This recent study showed an association between childhood infection with mumps and a reduction by about 20% in future risk of contracting ovarian cancer. Mumps is an acute childhood viral infection that typically results in swollen salivary glands and occasionally can affect testes (potentially causing sterility) or cause encephalitis (a very rare severe complication). It is estimated that over 14,000 women will die of ovarian cancer in the US in 2018. If we use this study as a predictive tool, our public health intervention of immunizing our population may be causing an excess of more than 2800 ovarian cancer deaths every year. Are we causing more harm than good with the mumps vaccination? The problem is the blinders we use in funding science- there are few studies looking at these associations that are chronic and long term.
The study on mumps is important in that it did not only look for (and find) an association, it also found plausible mechanisms relating to immune system surveillance. In a fascinating interplay, in an acute mumps infection, the inflamed salivary gland expresses antigens that our immune system primes itself against. Mumps patients have elevated anti-MUC1 antibodies.
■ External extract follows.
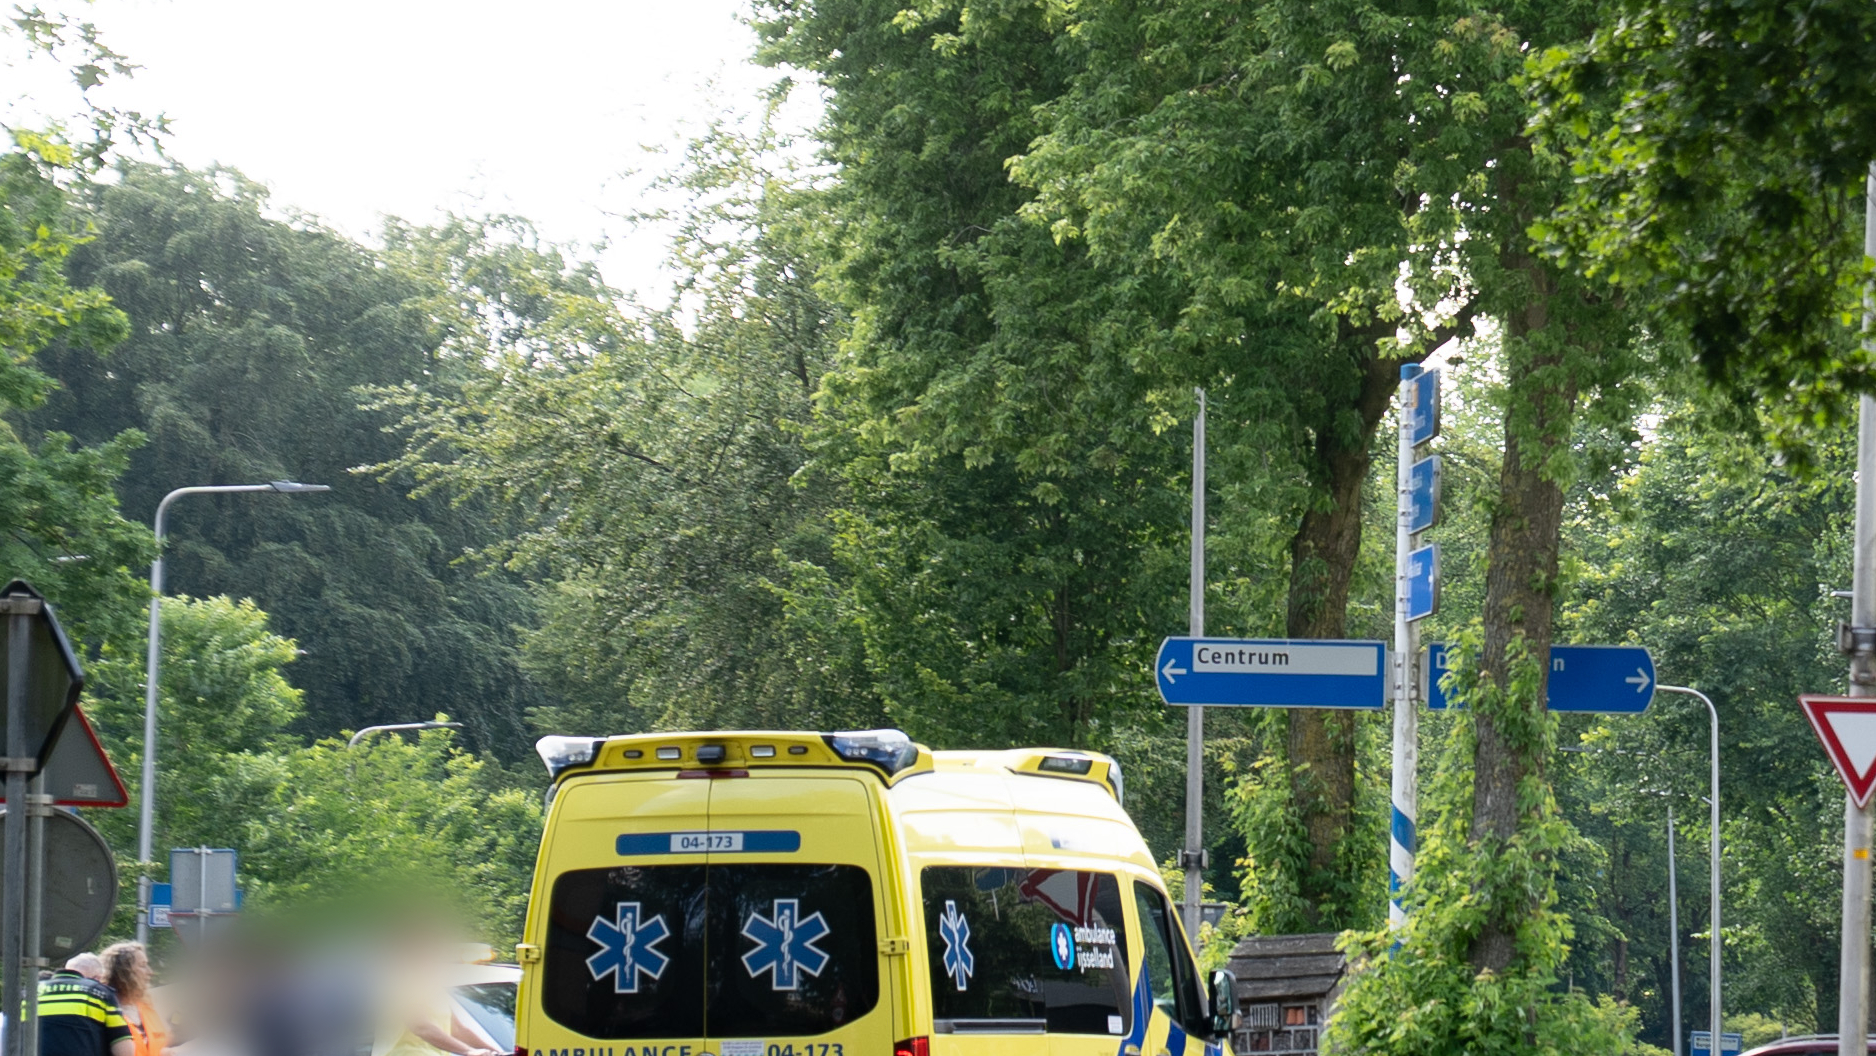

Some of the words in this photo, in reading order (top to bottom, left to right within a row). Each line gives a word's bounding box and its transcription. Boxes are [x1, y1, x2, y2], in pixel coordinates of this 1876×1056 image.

MUC1 also happens to be expressed by ovarian cancer and it is thought that the MUC1 antibodies are able to help very early recognition and elimination of ovarian cancer in women with anti-MUC1. In fact, MUC1 is expressed in breast tissue and these researchers previously found that mastitis has a protective effect against ovarian cancer, also through the same pathway. I wonder if injections of mistletoe for ovarian cancer might be most beneficial if delivered in breast tissue.
Fifty Shades of Immunity
The idea that exerting influence on one part of a system might impact other parts of that system, potentially dramatically, cannot be captured with our current Public Health movement. Health communication is aimed at the lowest common denominator using short slogans and dumbing messages down to entire populations. The state of a living biologic system is complicated and impossible to describe in a sound byte or slogan. For example there are several cancers caused by infections- stomach cancer being the most common (caused by H. pylori). There are several infections that can cause cancer. The noteworthy thing is they are all chronic infections. HPV is not simply an acute infection- it lingers forever in the human body causing underlying inflammation that can lead to cervical cancer.
Infections can also cure cancer. Mumps and west Nile virus have been associated with remissions. William Coley noted cellulitis or other acute infections preceded the series of cancer remissions he examined- then he harnessed the immune stimulation by creating Coley’s Toxins- the first immunotherapy for cancer. Mistletoe is used in cancer as an immunostimulant and one component- the mistletoe lectin has a similar form to a toxin found in Shigella bacteria.
This interesting paper explores “fifty shades of immunity”- the various roles our immune system’s interaction with infections can relate to cancer. The immune system works in two main ways. The Th1 arm is inflammatory and works by directly patrolling and killing pathogens and abnormal cells- self vs other (usually viral infected or cancer cells). The Th2 arm works through antibodies (one can see these as “memory proteins”). Both arms should work together in a healthy immune system. Th1 gone too far can lead to your immune cells attacking your own self- usually one organ or cell type is the “victim” such as the beta cells of the pancreas in Type 1 Diabetes. Th2 gone too far leads to asthma, eczema and other autoimmune issues. Th2 dominant people tend to do worse with cancer. There is ample evidence that childhood infections play a role in the healthy balance of Th1 and Th2. Childhood infections have typically been linked with decreased likelihood of cancer later in life.
The balancebetween Th1 and Th2 is important and will be covered again in more detail. The use of lemon/quince extract for allergies can shift the balance favorably.